» EXERCISE DETAILS
The records that follow should be copied out exactly, pictures excluded.

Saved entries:
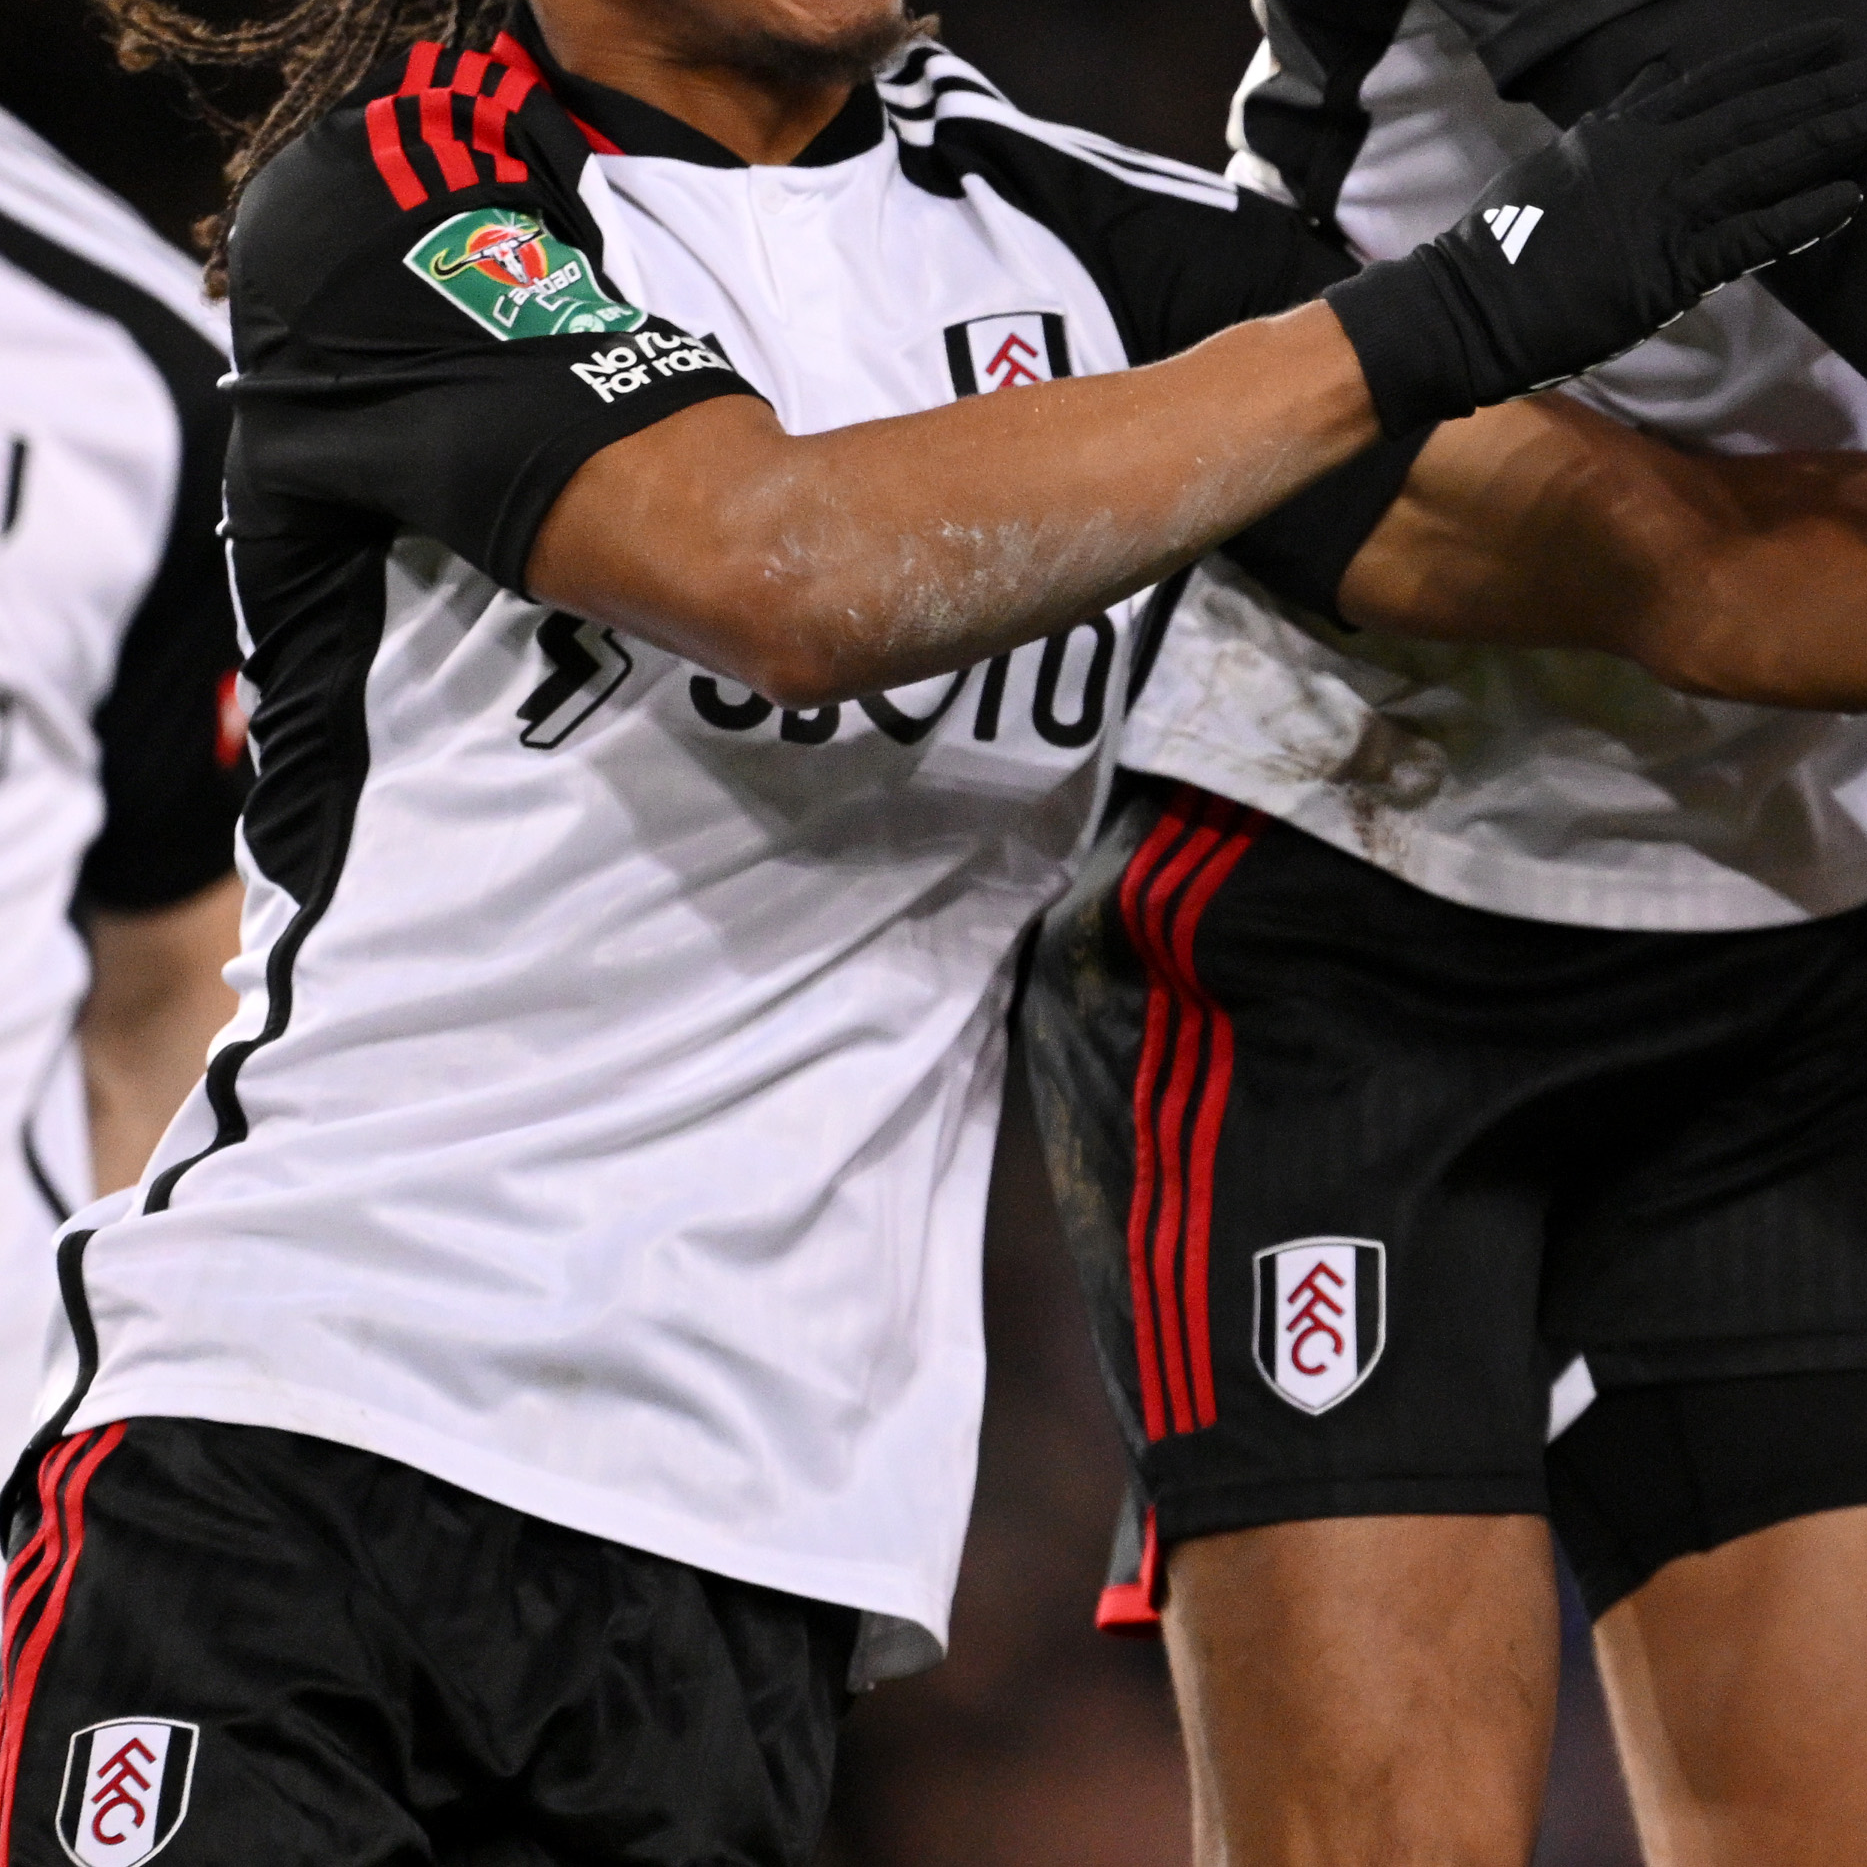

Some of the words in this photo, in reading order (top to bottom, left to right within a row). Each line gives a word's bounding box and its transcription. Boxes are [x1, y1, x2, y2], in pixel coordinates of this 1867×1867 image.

[570, 346, 638, 384] No
[591, 364, 652, 404] for
[985, 332, 1040, 388] FF
[1286, 1261, 1346, 1376] FFC
[91, 1737, 158, 1846] FFC
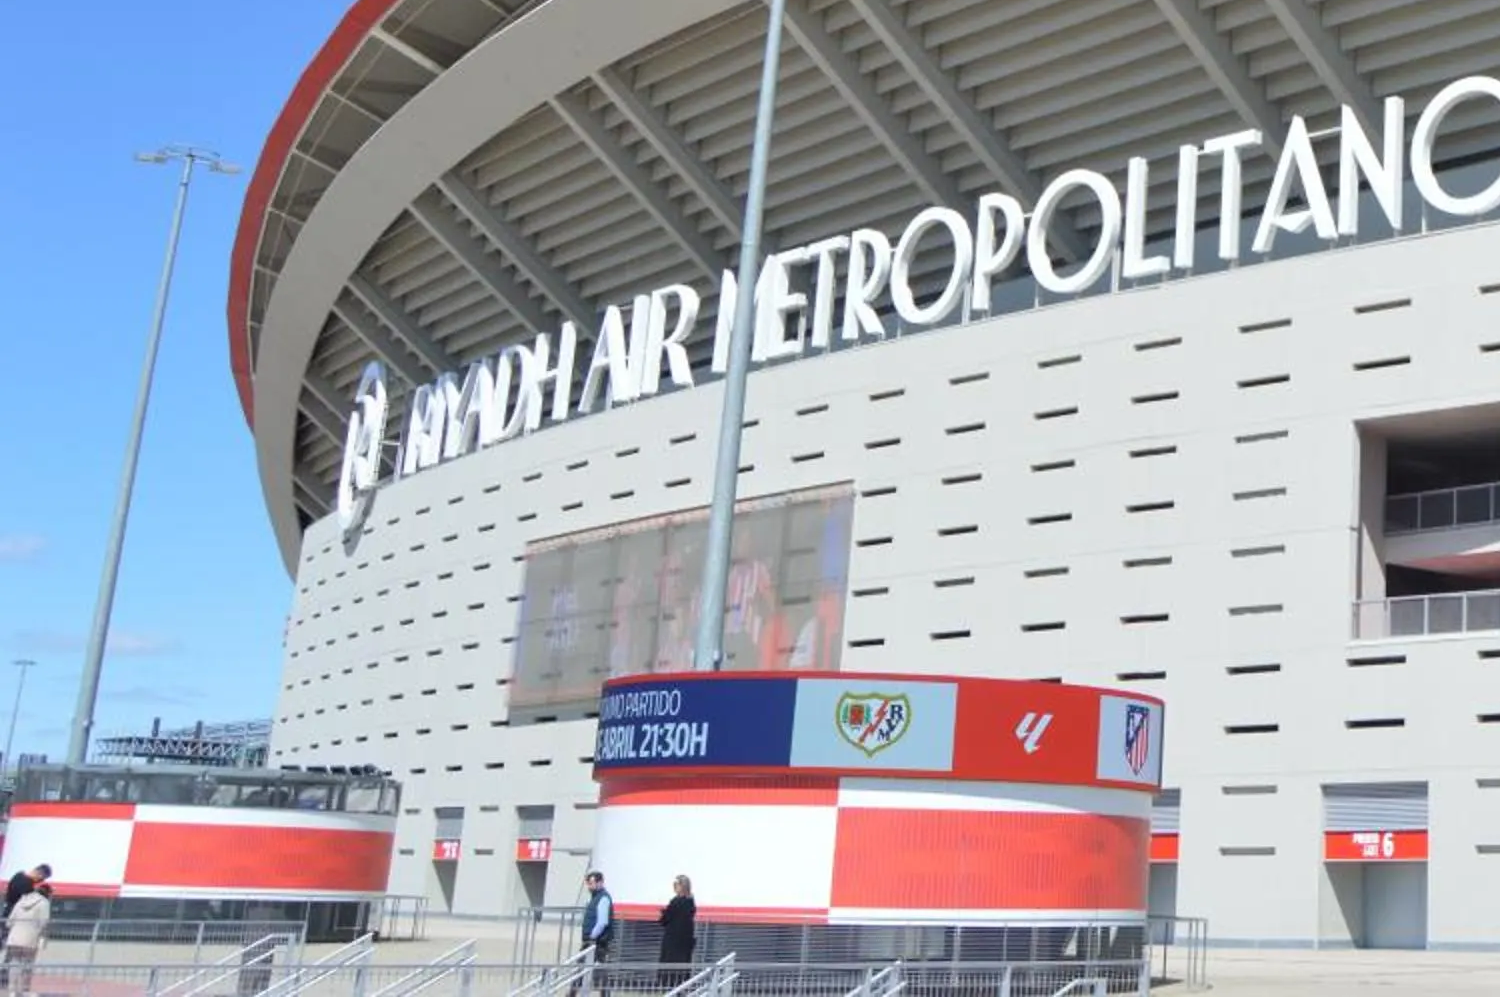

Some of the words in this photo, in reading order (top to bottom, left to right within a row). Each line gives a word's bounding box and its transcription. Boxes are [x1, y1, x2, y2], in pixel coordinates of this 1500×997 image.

[577, 284, 700, 415] AIR
[625, 688, 682, 717] PARTIDO
[639, 721, 709, 759] 21:30H
[1382, 831, 1394, 858] 6
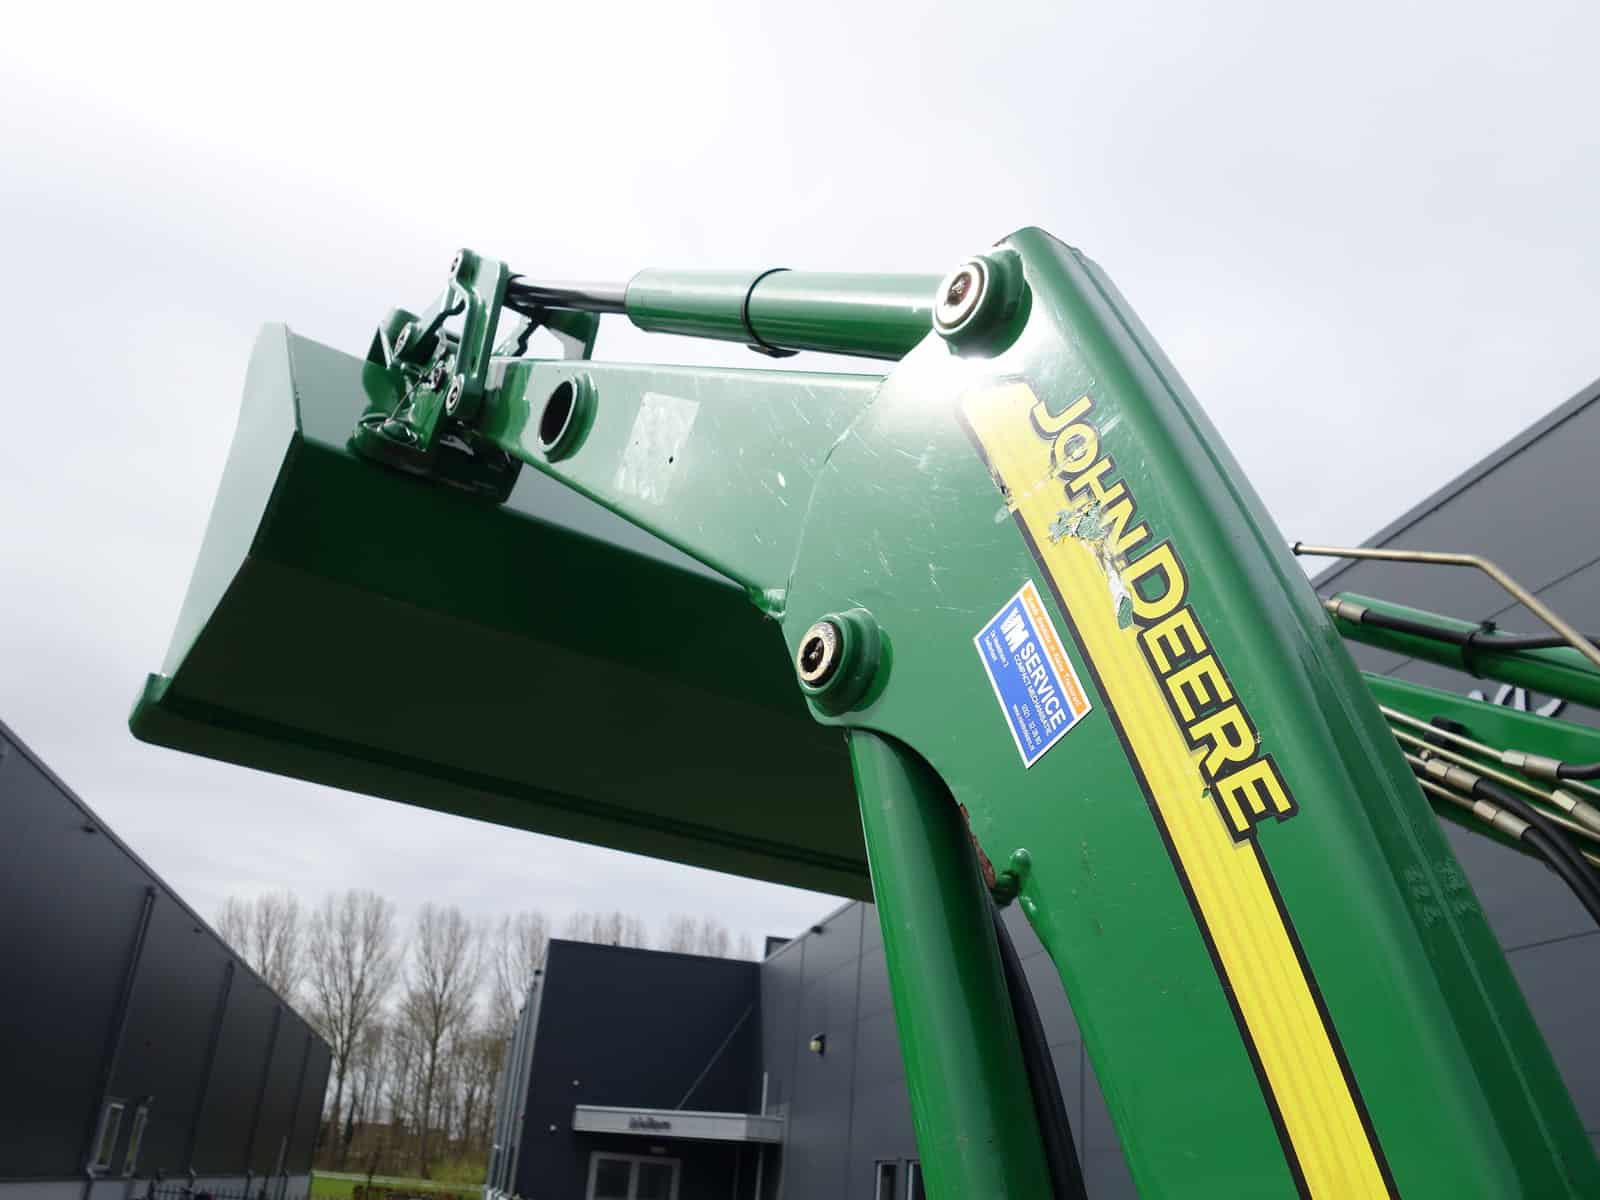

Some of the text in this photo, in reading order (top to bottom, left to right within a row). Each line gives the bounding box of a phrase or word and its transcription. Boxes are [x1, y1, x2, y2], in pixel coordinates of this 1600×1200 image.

» RESPONSE AREA
Some of the words in this photo, in reading order (top to bottom, left to right within a row). Each line gives a word's bounding box and its transcription. Boxes are [x1, y1, x2, y2], in pixel coordinates of this 1867×1867 image.

[570, 346, 638, 384] No
[591, 364, 652, 404] for
[985, 332, 1040, 388] FF
[1286, 1261, 1346, 1376] FFC
[91, 1737, 158, 1846] FFC

Some of the words in this photo, in reading order (top to bottom, left to right within a row). Each line gives a word's bounding box and its transcription. Boxes are [x1, y1, x2, y2], in pixel coordinates of this 1500×997 image.

[577, 284, 700, 415] AIR
[625, 688, 682, 717] PARTIDO
[639, 721, 709, 759] 21:30H
[1382, 831, 1394, 858] 6

Some of the text in this photo, in reading order (top to bottom, left to right within a row). Each line gives the bounding box of a phrase or word and its transcription. Boxes are [x1, y1, x2, y2], in pixel coordinates of this 1600×1200 image.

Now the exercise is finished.